Chapter 18 Chapter 18: The Child’s Whisper
The silver-white lightning carved a path of scorched glass through the permafrost. The Skard—those hulking monstrosities of ice and ancient grief—shattered into a thousand glittering shards where the bolt struck. But for every one that fell, three more rose from the drifts, their hollow eyes glowing with a freezing, necrotic light.
Fenris was a whirlwind of carnage beside me. Every swing of his claymore sent a shockwave of Lycan energy through the air, but the Frost-Collector—the man with the bruised skin and ice-shards for teeth—simply watched from the center of the storm, a thin, cruel smile playing on his lips.
"You fight with the strength of the moon, King," the Collector’s voice echoed in my skull. "But the moon is cold. It cannot melt the heart of the Tundra."
I raised my hands again, ready to unleash another blast, but a sudden, sharp cramp seized my abdomen. I gasped, doubling over in the saddle. The amber fire didn't flare outward this time; it imploded, swirling inward toward the golden spark at my center.
“Mother.”
The voice was tiny, a vibration of pure light that felt like a bell ringing in a deep cavern. It wasn't the Ancient Queen, and it wasn't the wind. It was him.

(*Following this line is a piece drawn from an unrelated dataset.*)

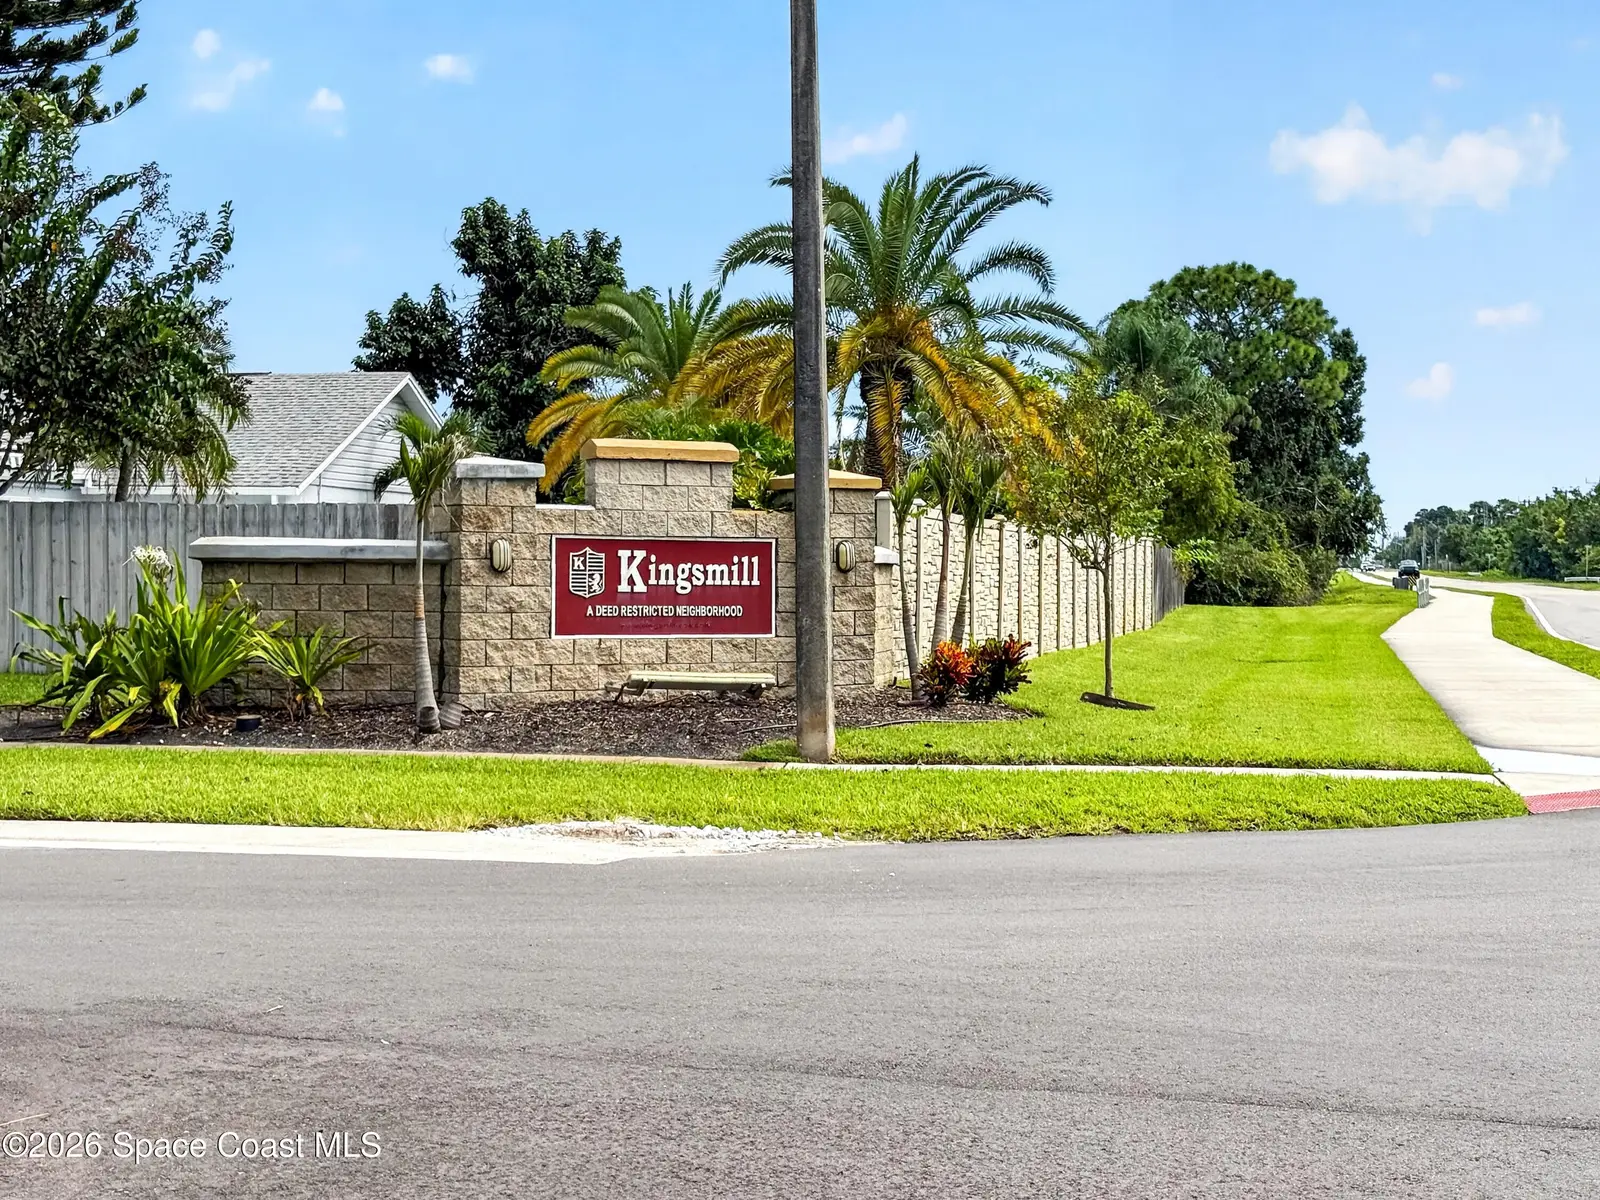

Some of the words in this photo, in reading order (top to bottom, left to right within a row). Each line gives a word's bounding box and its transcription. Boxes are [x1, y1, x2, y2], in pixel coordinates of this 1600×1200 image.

“Look beneath the ice, Mother. The fire is not in your hands. It is in the earth.”
Through the soul-tether, Fenris felt my distress. He leaped back, his body shielding mine as a Skard’s claw whistled inches from his throat. "Nina! What is it? Is the bond breaking?"
"No," I choked out, my eyes turning a brilliant, solid gold. "He’s talking to me. The child is showing me..."

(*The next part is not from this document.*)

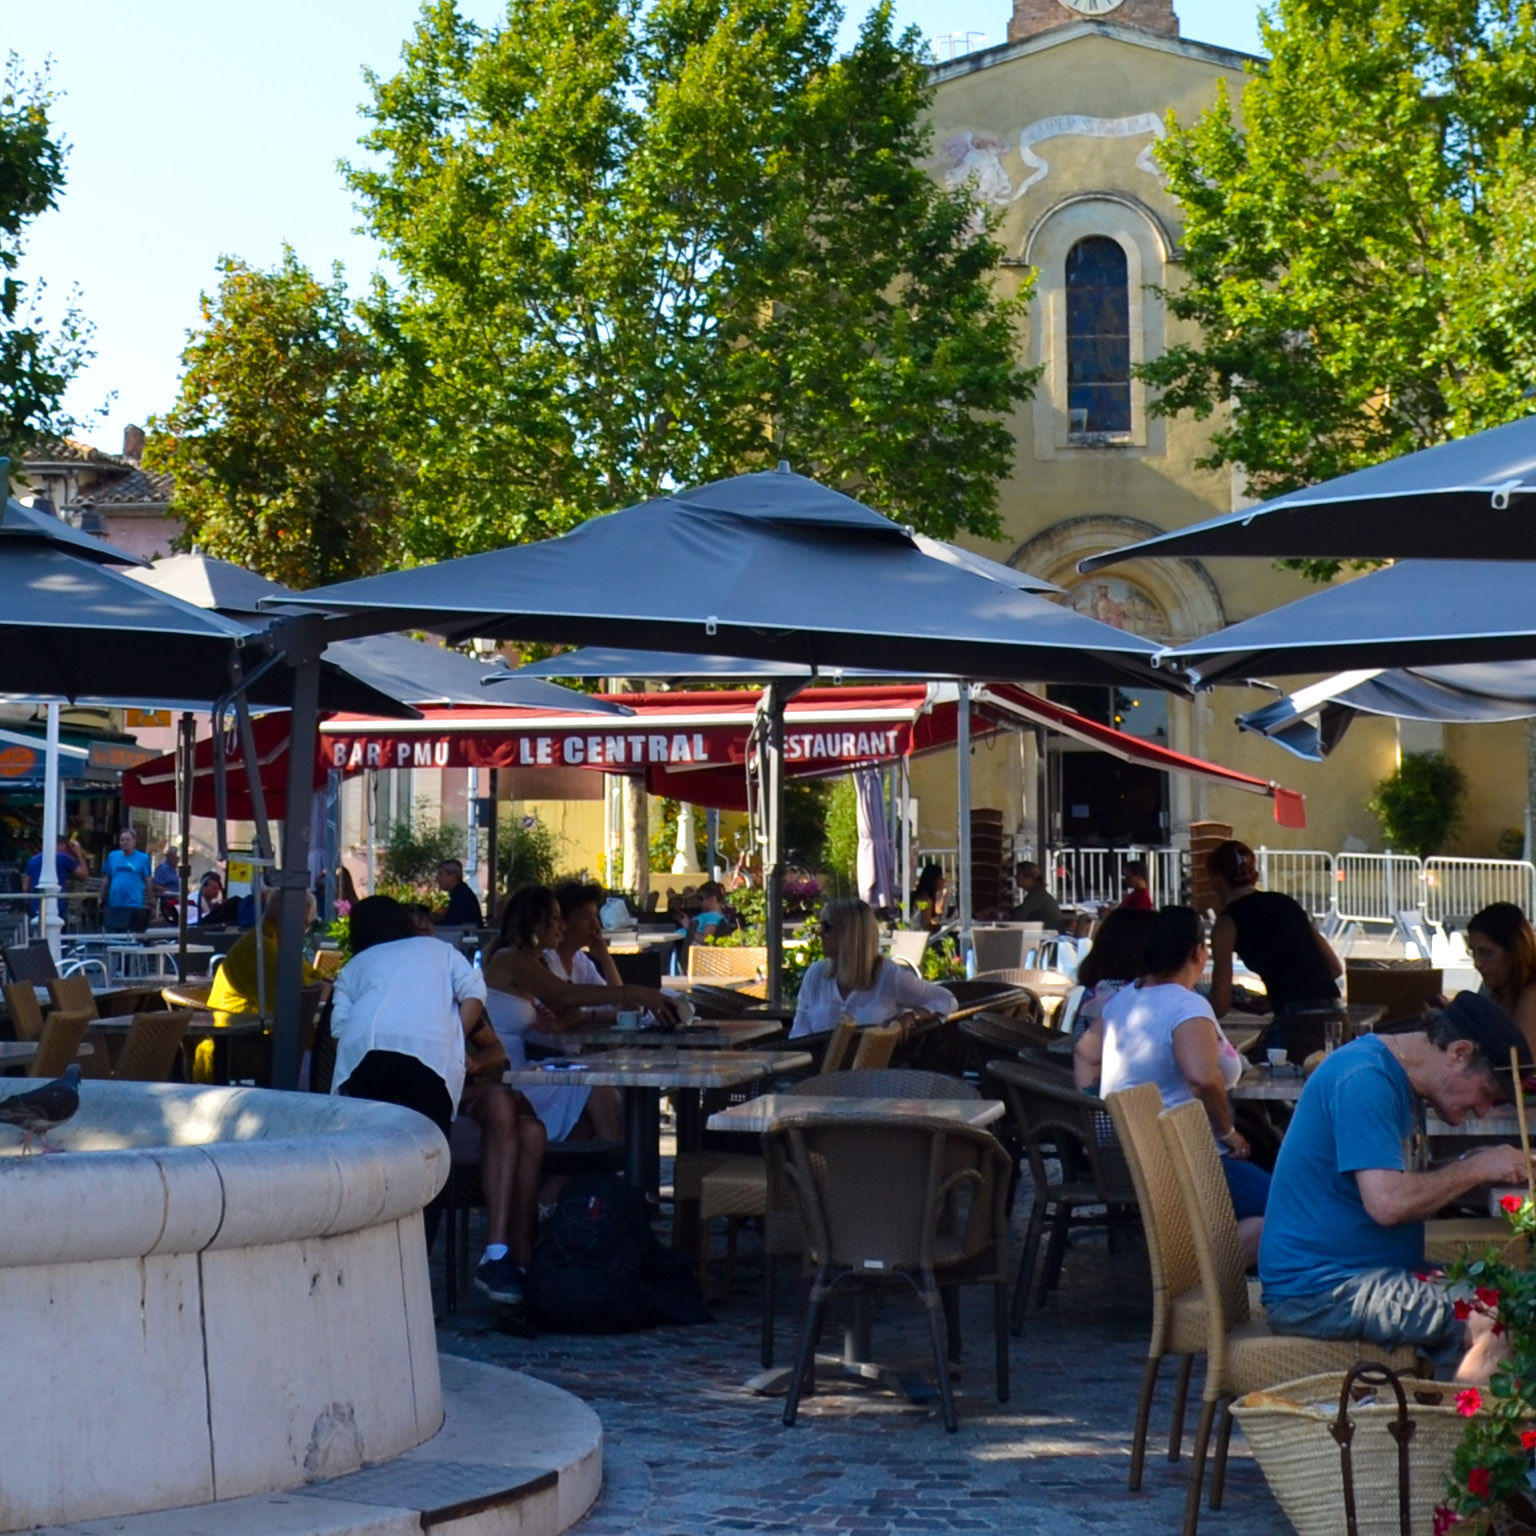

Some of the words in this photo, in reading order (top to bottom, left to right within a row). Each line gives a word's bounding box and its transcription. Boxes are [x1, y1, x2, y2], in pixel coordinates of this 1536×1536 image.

[333, 742, 381, 767] BAR
[397, 741, 450, 766] PMU
[519, 736, 552, 765] LE
[564, 733, 708, 764] CENTRAL

I slid off my horse, my knees hitting the frozen ground. I didn't reach for the sky. I slammed my palms into the permafrost.
I didn't try to create fire. I looked for the heat that was already there—the deep, tectonic pulse of the world that even the Dead Forest couldn't extinguish. I felt the veins of the earth, the dormant volcanic rifts that ran like arteries beneath the Tundra.

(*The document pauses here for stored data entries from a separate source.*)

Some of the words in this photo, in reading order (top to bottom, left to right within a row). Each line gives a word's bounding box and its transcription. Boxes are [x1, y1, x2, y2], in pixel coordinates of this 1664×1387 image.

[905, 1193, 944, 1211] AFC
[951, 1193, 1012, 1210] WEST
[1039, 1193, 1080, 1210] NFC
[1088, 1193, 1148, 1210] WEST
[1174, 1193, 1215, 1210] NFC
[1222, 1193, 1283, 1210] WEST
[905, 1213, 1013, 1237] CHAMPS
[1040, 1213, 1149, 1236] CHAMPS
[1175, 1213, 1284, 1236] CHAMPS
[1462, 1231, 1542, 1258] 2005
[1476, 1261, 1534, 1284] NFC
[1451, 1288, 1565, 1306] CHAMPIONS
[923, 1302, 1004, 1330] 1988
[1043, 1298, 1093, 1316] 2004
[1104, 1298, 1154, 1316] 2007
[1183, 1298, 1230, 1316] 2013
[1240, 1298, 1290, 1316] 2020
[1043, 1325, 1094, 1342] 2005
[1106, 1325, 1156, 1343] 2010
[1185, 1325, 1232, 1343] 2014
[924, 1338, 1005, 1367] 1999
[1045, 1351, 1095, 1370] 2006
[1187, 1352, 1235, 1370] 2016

"Nina, get up!" Fenris roared, parrying a blow that sent sparks flying from his blade.
The Frost-Collector’s smile vanished as the ground began to hum. The ice beneath my hands didn't just melt; it vaporized.
"What are you doing?" the Collector screamed, his voice losing its melodic chill. "This land belongs to the frost!"
"This land belongs to the sun," I whispered, my voice resonating with a power that made the horses whinny in terror.
I pulled. I reached into the deep heat and pulled it to the surface.
The ground erupted.
A geyser of molten gold and white-hot steam burst from the earth, not in a chaotic explosion, but in a controlled ring of fire that encircled us. The Skard didn't just shatter; they evaporated, their icy forms turning to mist before they could even scream.
The Frost-Collector shrieked as the heat hit him, his shimmering robes melting into grey slush. He tried to retreat into the veil, but the steam was too thick, the light too pure.
"You cannot... the High Priest... he promised!" the man wailed, before he vanished into a cloud of his own making, leaving nothing behind but a single, cracked ice-crystal on the blackened ground.
Silence returned to the Tundra, but the snow for fifty yards around us was gone, replaced by steaming, dark earth.
I sat there, gasping, the golden light slowly receding from my vision. The warmth in my stomach was calm now, a satisfied purr.
Fenris approached me, his sword still drawn, his chest heaving. He looked at the steam, then at the scorched circle, and finally at me. He dropped to his knees, his hands trembling as he reached out to touch my face.
"He spoke to you?" Fenris asked, his voice thick with wonder.
"He showed me the way," I said, leaning my forehead against his. "He’s not just an heir, Fenris. He’s a guide. He knew the earth was warm."
Fenris let out a breath that was half-sob, half-laugh. He pulled me into his arms, holding me so tight I could feel the silver-white energy still humming in his skin.
"The Sun-Forge," he whispered. "If a child not yet born can do this, imagine what we will find when we reach the gates."
But as we sat in the center of the steaming earth, a new shadow fell over us. From the mists of the receding steam, a woman stepped out. She wasn't wearing sky-silk, and she didn't look like Elena. She was dressed in heavy, bronze-scaled armor, her hair a wild mane of white-gold, and she carried a staff topped with a sun-stone.
"You have made quite a mess of my front yard," the woman said, her voice like the crackle of a dry hearth. She looked at me, her eyes glowing with the same amber fire that lived in my veins. "It has been a long time since a Vessel of the First Queen walked the Tundra. Come. The Forge is waiting, and your child is hungry for more than just earth-fire."